Additional comments by Professor Richard Grencis:
Worm parasites that live in the intestine are extremely common in man and animals across the globe and are responsible for considerable ill health with hundreds of millions of people and animals often suffering life-long infections. Our work has focused on whipworm, one of the major types of worm that lives in the large intestine of man. This is also where our intestinal microflora which we know is critically important for our health and wellbeing lives. Individuals are continually exposed throughout their life to infectious eggs from the soil and our previous findings showed that the whipworms exploit the intestinal microflora to induce hatching of the parasite eggs when they are swallowed. We now show that once established the worms alter the microflora of the host to make subsequent egg hatching less effective. This prevents the build-up of parasite numbers, which we know can lead to host resistance and removal of the worms by the immune system. In this way the parasite changes the host microflora to enhance its own survival.
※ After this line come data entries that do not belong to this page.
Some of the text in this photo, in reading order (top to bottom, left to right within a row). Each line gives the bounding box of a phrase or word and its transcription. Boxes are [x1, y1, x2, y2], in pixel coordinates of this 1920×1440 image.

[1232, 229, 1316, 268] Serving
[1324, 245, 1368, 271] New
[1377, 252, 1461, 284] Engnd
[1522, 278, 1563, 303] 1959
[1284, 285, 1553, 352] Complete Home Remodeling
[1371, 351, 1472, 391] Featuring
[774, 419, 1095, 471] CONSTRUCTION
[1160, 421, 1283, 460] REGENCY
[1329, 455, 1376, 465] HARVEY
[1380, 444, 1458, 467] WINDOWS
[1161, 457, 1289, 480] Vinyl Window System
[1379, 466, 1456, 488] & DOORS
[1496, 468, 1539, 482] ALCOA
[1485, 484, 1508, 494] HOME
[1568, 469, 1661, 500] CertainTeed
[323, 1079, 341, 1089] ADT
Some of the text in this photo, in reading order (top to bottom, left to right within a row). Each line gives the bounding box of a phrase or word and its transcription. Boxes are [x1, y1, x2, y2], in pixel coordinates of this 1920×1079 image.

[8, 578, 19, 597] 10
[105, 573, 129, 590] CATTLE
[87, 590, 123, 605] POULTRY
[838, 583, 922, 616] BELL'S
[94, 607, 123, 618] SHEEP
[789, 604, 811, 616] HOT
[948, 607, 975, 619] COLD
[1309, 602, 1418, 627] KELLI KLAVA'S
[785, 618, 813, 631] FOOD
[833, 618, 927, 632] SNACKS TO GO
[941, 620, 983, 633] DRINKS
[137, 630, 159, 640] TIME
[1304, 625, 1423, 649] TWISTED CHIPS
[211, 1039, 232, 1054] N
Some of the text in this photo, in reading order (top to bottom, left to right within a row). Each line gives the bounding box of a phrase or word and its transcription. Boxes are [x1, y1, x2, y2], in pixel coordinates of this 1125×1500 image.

Intriguingly, we also were able to show that the parasites themselves have their own microflora within their own intestines. Interestingly and surprisingly, the bacterial populations found in the worm's gut are very different from the gut of the host in which they live. So they change the host gut bacteria to enhance their own survival but need to keep a "good" population of bacteria for their own health. Indeed, without the bacteria in the worms' gut, the worms cannot grow and thrive.
Our work highlights the close and specialised relationships that exist between parasites and their hosts, the importance of the microbiome extending it to incorporate the microbiome of the parasites themselves. This deeper understanding may well lead to the development of new approaches to control parasitic worm infections that have plagued both man and animals for hundreds of thousands of years.